- [WORK INSTRUCTION]: Images don't belong in the copy. Output the rest of the data exactly.

Images for object localization:
Content starts

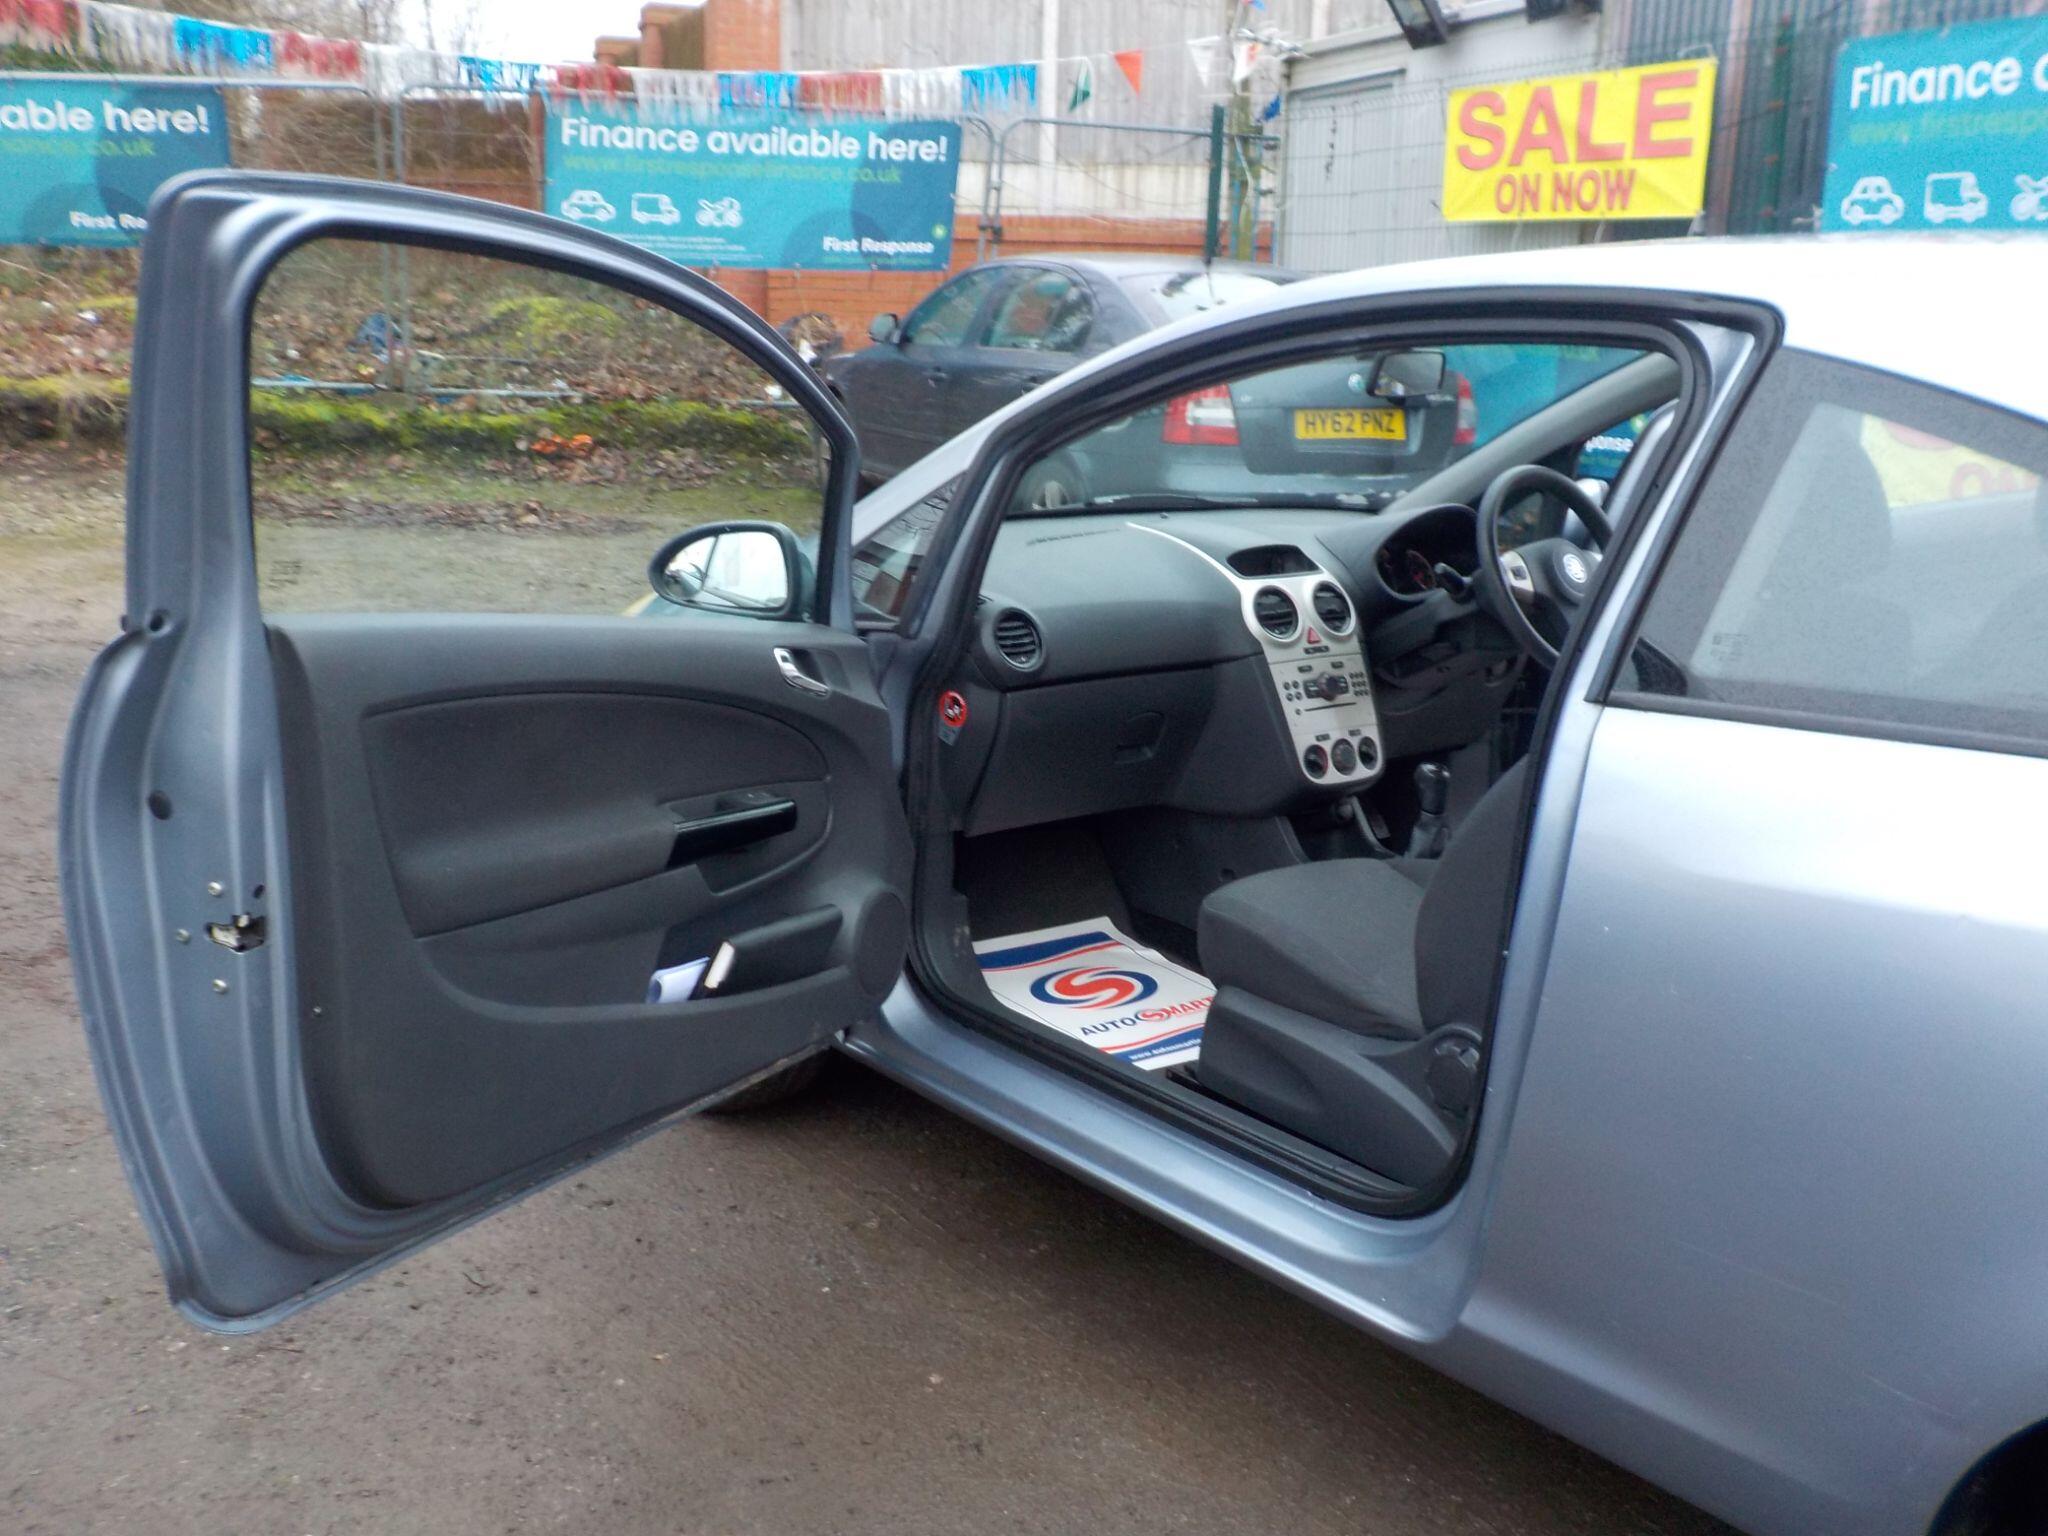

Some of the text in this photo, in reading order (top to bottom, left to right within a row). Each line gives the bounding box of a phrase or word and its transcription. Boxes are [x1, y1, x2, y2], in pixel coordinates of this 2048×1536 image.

[1850, 57, 2022, 109] Finance
[0, 98, 210, 134] able here!
[1459, 72, 1696, 170] SALE
[561, 117, 948, 162] Finance available here!
[1496, 171, 1638, 213] ON NOW
[823, 237, 934, 255] First Response
[1304, 411, 1395, 433] HY62 PNZ

Content ends

- [ANSWER BELOW]:
Some of the text in this photo, in reading order (top to bottom, left to right within a row). Each line gives the bounding box of a phrase or word and its transcription. Boxes are [x1, y1, x2, y2], in pixel coordinates of this 2048×1536 image.

[1850, 57, 2022, 109] Finance
[0, 98, 210, 134] able here!
[1459, 72, 1696, 170] SALE
[561, 117, 948, 162] Finance available here!
[1496, 171, 1638, 213] ON NOW
[823, 237, 934, 255] First Response
[1304, 411, 1395, 433] HY62 PNZ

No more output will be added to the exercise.